Depuis la fin des années 1990, la médecine se fonde sur les preuves de la littérature scientifique récente (evidence-based medicine) [1], et la conduite thérapeutique est fixée dans des protocoles dûment validés par les autorités scientifiques. Et les preuves sont en particulier tirées des essais cliniques standardisés en double aveugle, qui régissent désormais les bonnes pratiques.

Au cours de la deuxième vague de l’épidémie de Covid-19, en 2020, Clément Tarantini et Léo Coutellec [2] ont enquêté dans les services de réanimation et de maladies infectieuses, dans plusieurs services à Paris et à Marseille. Ils ont recueilli rétrospectivement les témoignages de la perplexité des soignants face à une maladie nouvelle, sans l’appui de directives scientifiquement fondées, au moment même où les patients et leurs familles attendaient tout de l’art médical. Qu’on se rappelle la découverte angoissante par le grand public de l’univers de la réanimation, jusque-là réservé aux initiés, passant en boucle sur tous les écrans de télévision ! Tarantini et Coutellec ont observé quelle avait pu être la diversité des attitudes adoptées par les professionnels, face au désarroi thérapeutique.

Pendant le premier semestre de l’année 2020, par exemple, la première décision à discuter avait concerné le placement du malade en détresse respiratoire sous machine, après administration de curare (inhibiteur des muscles respiratoires) et intubation. Or dans un second temps, un écart a été observé entre des paramètres inquiétants (taux bas d’oxygène sanguin) indiquant la mise sous appareil, et la tolérance apparente de certains patients, à peine dyspnéiques. D’où le dilemme : suivre le protocole ou lui tourner le dos, se fier à la clinique ou à la biologie…

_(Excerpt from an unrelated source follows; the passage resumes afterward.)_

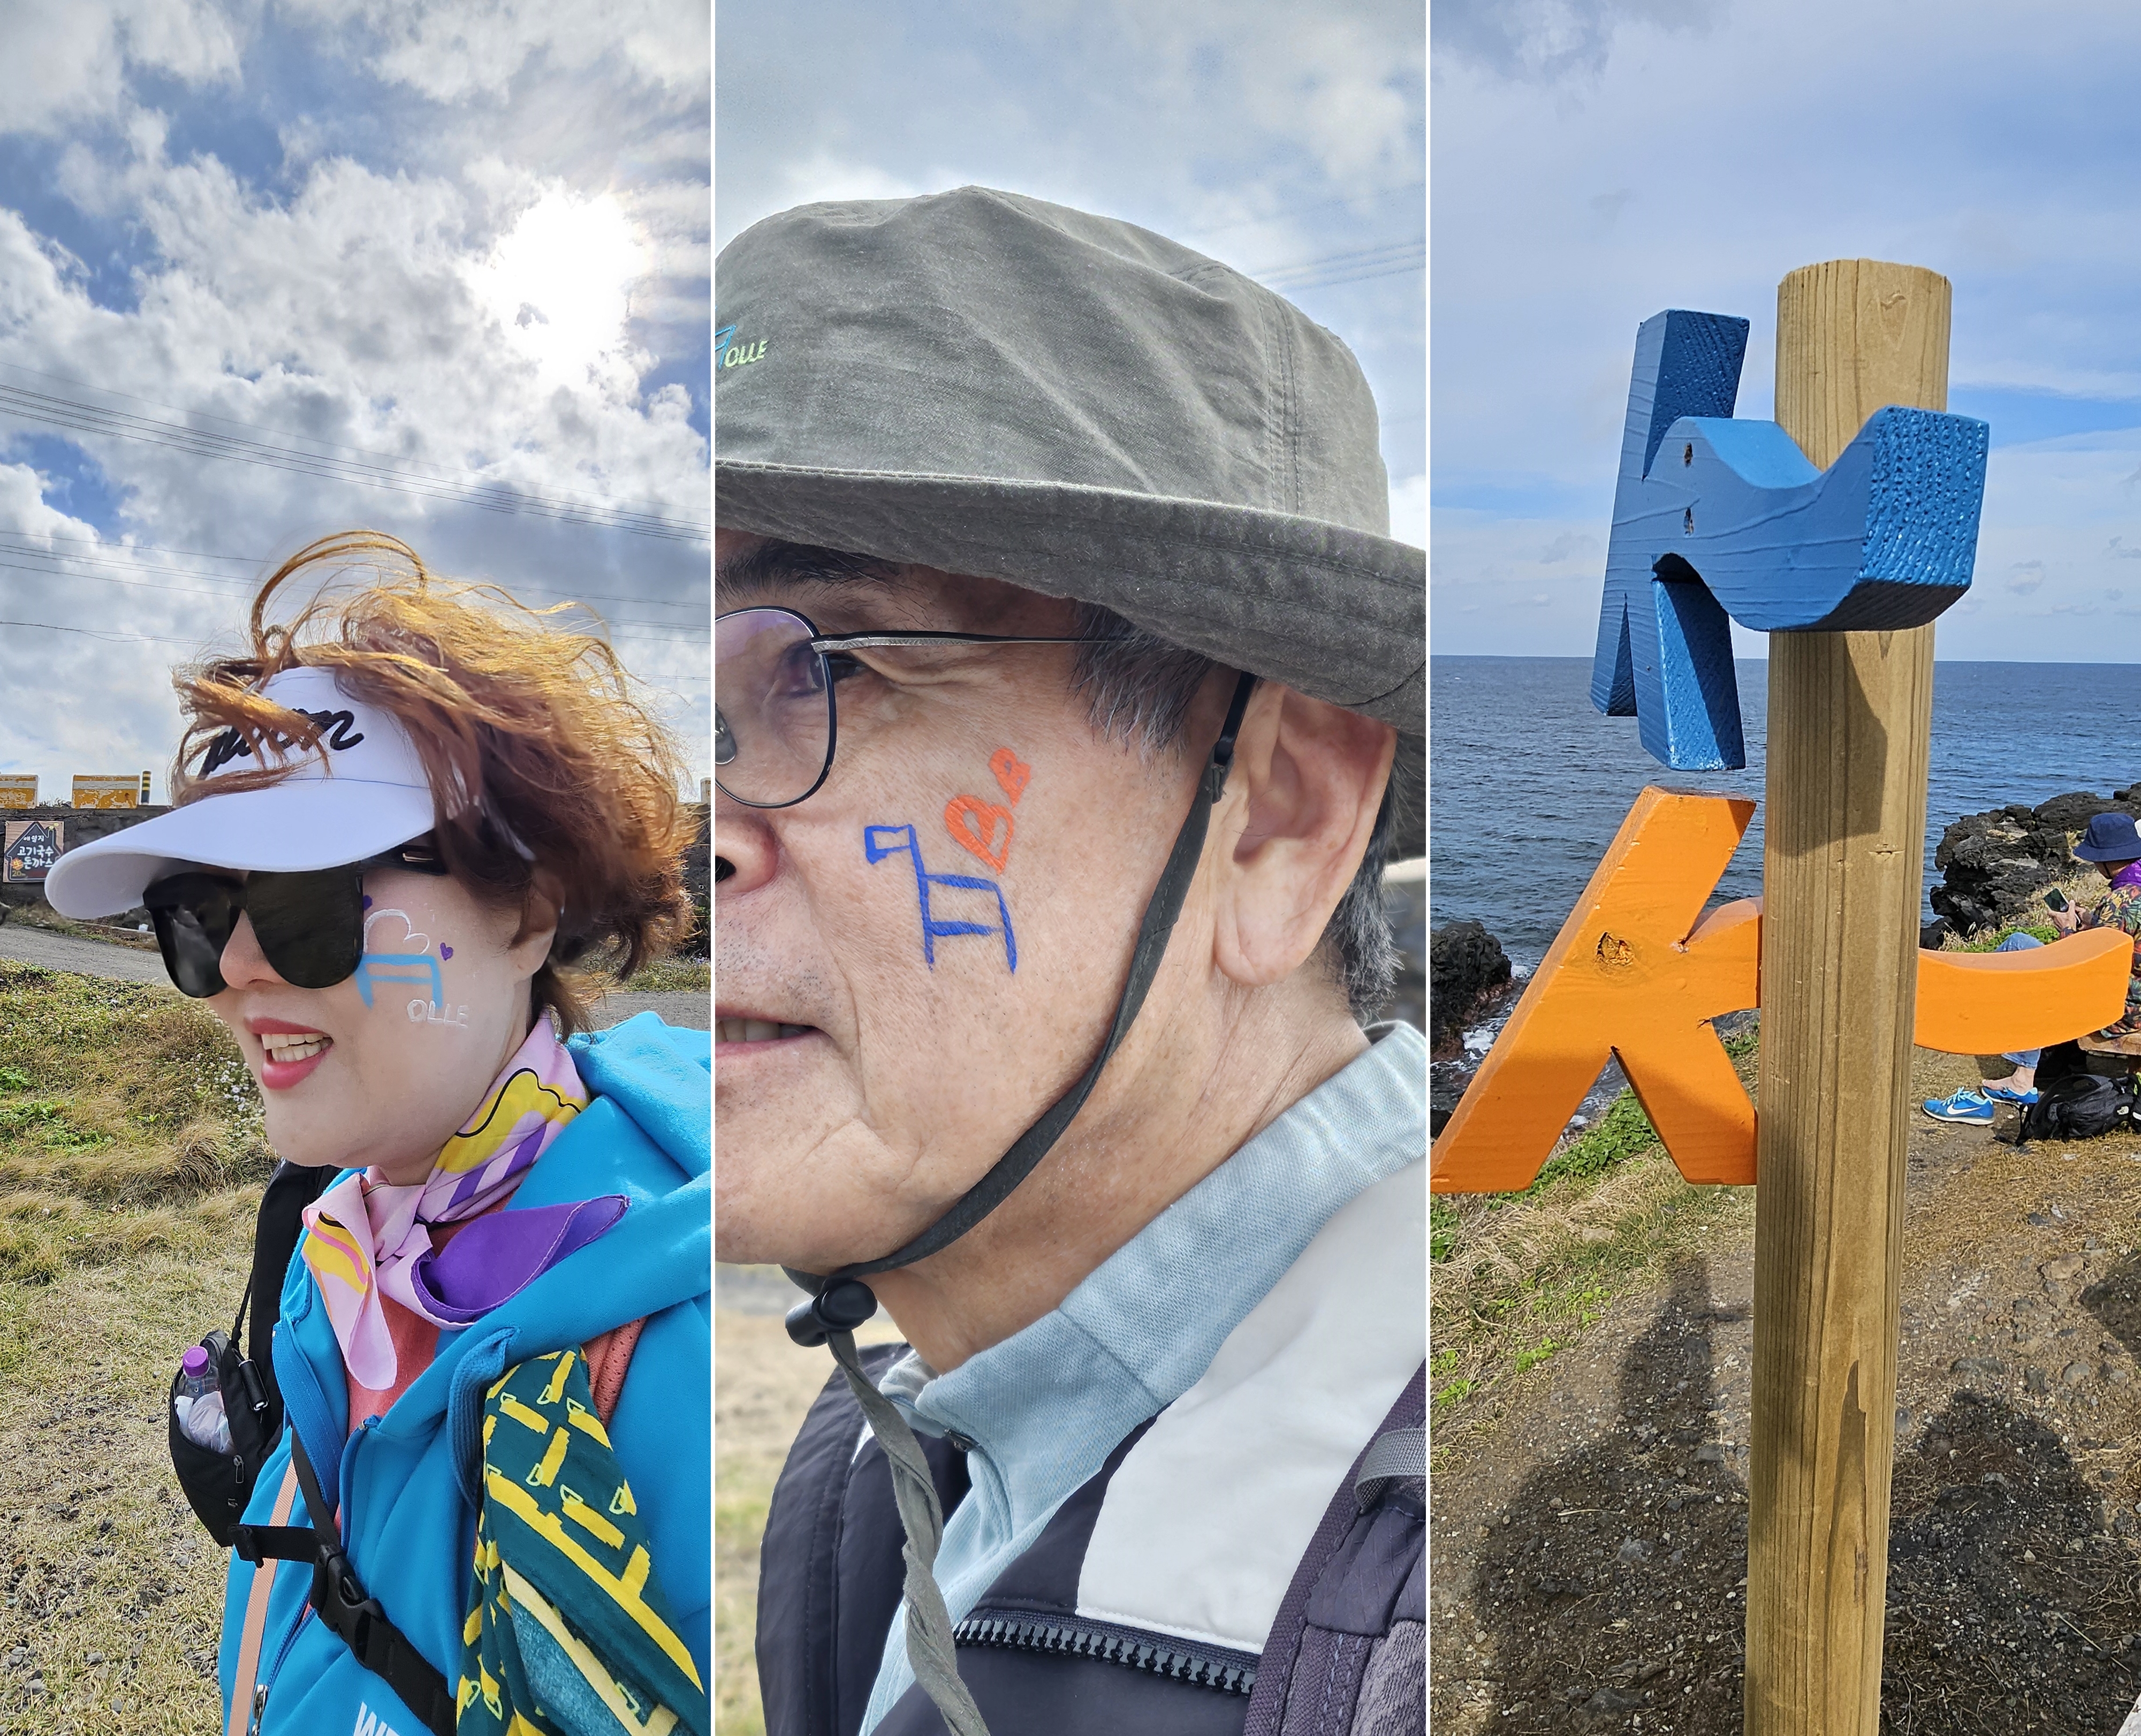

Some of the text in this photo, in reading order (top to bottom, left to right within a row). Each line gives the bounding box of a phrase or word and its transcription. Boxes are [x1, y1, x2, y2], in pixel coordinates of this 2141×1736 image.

L’histoire de la médecine abonde en certitudes contradictoires que la clinique peut être salvatrice en donnant l‘alarme avant les tests biologiques ou, au contraire, rester longtemps muette avant que l’intervention ne s’improvise dans l’urgence. D’autre part, en réanimation, la mise sous respirateur sauve la vie, mais le sevrage de la machine s’avère parfois difficile et des séquelles peuvent grever le pronostic. « On intube à tour de bras, avec une cadence d’enfer inconnue jusque-là, on oxygène des malades curarisés : ce poison permet à la machine d’imposer son rythme au malade « cramé », dans l’argot des réanimateurs. », se souvient un témoin de cette période difficile.

Mais d’autres arguments intervenaient encore dans le cerveau surmené des réanimateurs : d’un côté, le nombre restreint d’appareils évoquait le spectre d’un tri à opérer parmi les candidats à la réanimation ; d’autre part, on pensait que les patients inconscients contaminent moins aisément leur entourage au moment des soins. On voit clairement que l’argumentation n’était pas scientifique stricto sensu mais incluait des considérations psychosociales très humaines. Tel est, un peu simplifié, l’éventail des raisons qui ont conduit certains à diverger du protocole thérapeutique existant, comme pour d’autres à s’y tenir, avant qu‘évoluent les recommandations officielles.

Le cas des essais chloroquine, plus médiatisés encore, est traité de la même manière. En l’absence de thérapeutique universellement admise, la proposition de la chloroquine/azithromycine était recevable, à condition d’enregistrer et suivre méthodiquement les cas traités. Les deux auteurs soulignent que, dans le débat sur le choix de la chloroquine, ses partisans faisaient valoir aussi un argument – politique – pour eux, le refus de la chloroquine, médicament bon marché tombé depuis longtemps dans le domaine public, préservait tout simplement l’arrivée à l’avenir d’un médicament nouveau issu de Big Pharma, qui raflerait l’énorme marché. Ce dernier argument aisé à comprendre a enflammé l’opinion internationale, en particulier du côté de l’Afrique où la cause de la chloroquine a pris l’allure d’une revanche des colonisés.

Le cas du traitement par le Kaletra, mélange de deux molécules utilisées dans le traitement du sida, n’a pas suscité une polémique de la même ampleur, si ce n’est que là encore, on retrouve le raisonnement qui, en l’absence de thérapeutique universellement admise, amène à expérimenter hors normes. D’un point de vue éthique, la situation peut donc aisément se décrire comme un conflit entre le devoir de prudence, ou, si l’on préfère, le principe de précaution, et le devoir d’assistance d’un médecin envers son ou ses patients.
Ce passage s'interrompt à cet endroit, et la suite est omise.